A study by Karstens et al. (2019) used serial dilutions of a mock community to investigate how biomass concentration and contamination are related. Their experiment found that contamination increased with decreasing starting biomass concentration, or that increasing dilution increased contamination. This is not in agreement to what we observe here; we see no relationship with smaller volumes of water filtered and contamination. Increasing sample volume, which should theoretically be tied to increasing biomass volume, is not related to decreasing contamination or higher-quality samples. However, the samples with Cp values greater than 30.5 do have a greater percentage of their OTUs comprised of contaminant OTUs than those above this detection limit, but the inverse is generally true for contaminant sequences per sample. It appears that natural systems are harder to decipher than mock community dilutions like those presented in Karstens et al. (2019), and that it is not appropriate to assume that collecting a greater volume of sample will result in greater amounts of biomass and thus, fewer impacts from contamination.

When a Bray-Curtis distance matrix of the blank-removed dataset was visualized via an NMDS, significant clustering is observed (Figure 6). The two different detection limit scenarios are illustrated, with the laboratory’s library amplification threshold plotted in Figure 6A and the blank-defined threshold (Cp = 30.5) used as the detection limit in Figure 6B. An adonis2 test produced a significant p value (p = 0.001) for both detection limit even though visually, it appears that the blank-defined threshold more successfully captures the samples with extreme microbial community composition similarity (as many samples plot on top of each other). The samples that cluster near the origin of the plot all have very similar microbial community compositions, which is expected for samples representing the composition of the single well sampled for this study. In Figure 6A, there is no clear clustering of samples based on detection limit even though the two groups cluster significantly according to an adonis2 test. Although the two groups in Figure 6A (above and below the detection limit) are significantly different, the similarity of the samples above the detection limit is greater in Figure 6B, or when Cp = 30.5 is used as the detection limit.

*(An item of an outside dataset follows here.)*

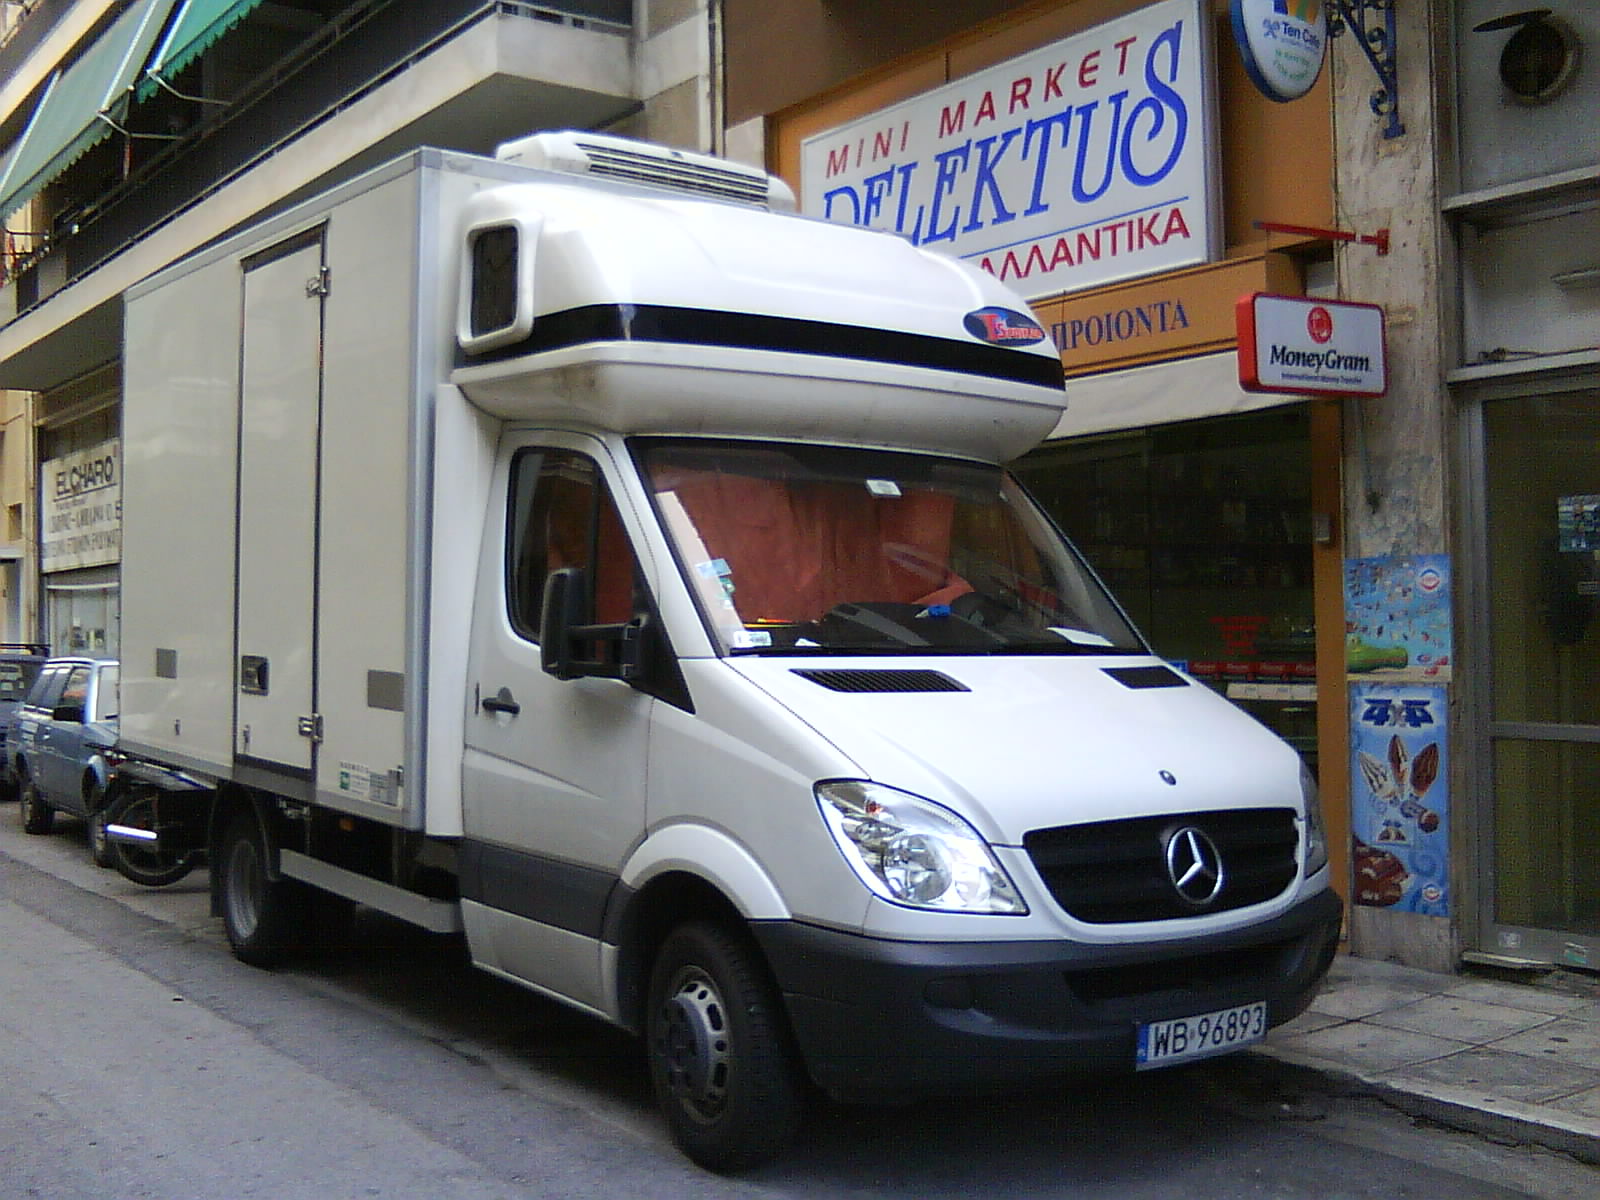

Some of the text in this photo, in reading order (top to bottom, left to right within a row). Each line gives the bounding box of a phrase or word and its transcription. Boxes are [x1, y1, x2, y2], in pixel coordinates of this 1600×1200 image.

Figure 6. Non-metric multidimensional scaling plots of a Bray-Curtis distance matrix based on the dataset after blanks and contaminant removal and normalization of sequences per sample. Plots are of the two different detection limits described in the test. (A) Detection limit is based on the laboratory’s internal amplification threshold. (B) Detection limit is based on blank-defined detection limit, Cp = 30.5. Results from an adonis2 test are provided on both plots.

The Role of Blanks in Low Biomass Samples

As the blank-defined detection limit proved to be better at differentiating low biomass samples from a sample set, it is clear that the submission of external blanks is critical when sampling a potentially low biomass environment. Additionally, the development of this detection limit was highly dependent on the number of blanks submitted with a sample set. Removing any of these eight blanks could change the Cp value used as the detection limit for these scenarios and could therefore easily change which samples are classified as above or below a suggested detection limit. It is therefore critical to submit a large number of blanks when sampling; future work will focus on how many blanks proves most successful in creating a usable Cp detection limit.

Furthermore, even after contaminant removal, there was still variability in microbial community composition across the remaining 49 samples. This suggests that simply removing contaminants from low biomass samples may not improve the samples enough to be worthwhile to include in data analysis. We suggest that it is imperative to differentiate from samples impacted by their low biomass signature and remove them from sample analysis.

Overall, these results suggest that increasing sample volume does not necessarily directly relate to increasing biomass concentrations (possibly due to increased presence of PCR inhibitors) or the likelihood for a sample to be close to or at the detection limit for qPCR. These results also imply that no relationship between sample volume and microbial community composition exist in this sample set. The samples most affected by the removal of contaminant OTUs generally fell below the detection limit, suggesting that using the smallest Cp value in all submitted blanks as a detection limit may serve as a good metric for weeding out low biomass samples that may result in misleading or incorrect data. However, this is highly dependent on the number of blanks submitted. Even though all samples collected were from the same produced water source, the microbial community compositions before and after contaminant removal varied widely across the sample set. This suggested that simply implementing contaminant removal techniques for samples may not be enough to prove worthwhile in downstream analysis, as many samples in the sample set with the largest DNA concentrations had significantly similar microbial community compositions.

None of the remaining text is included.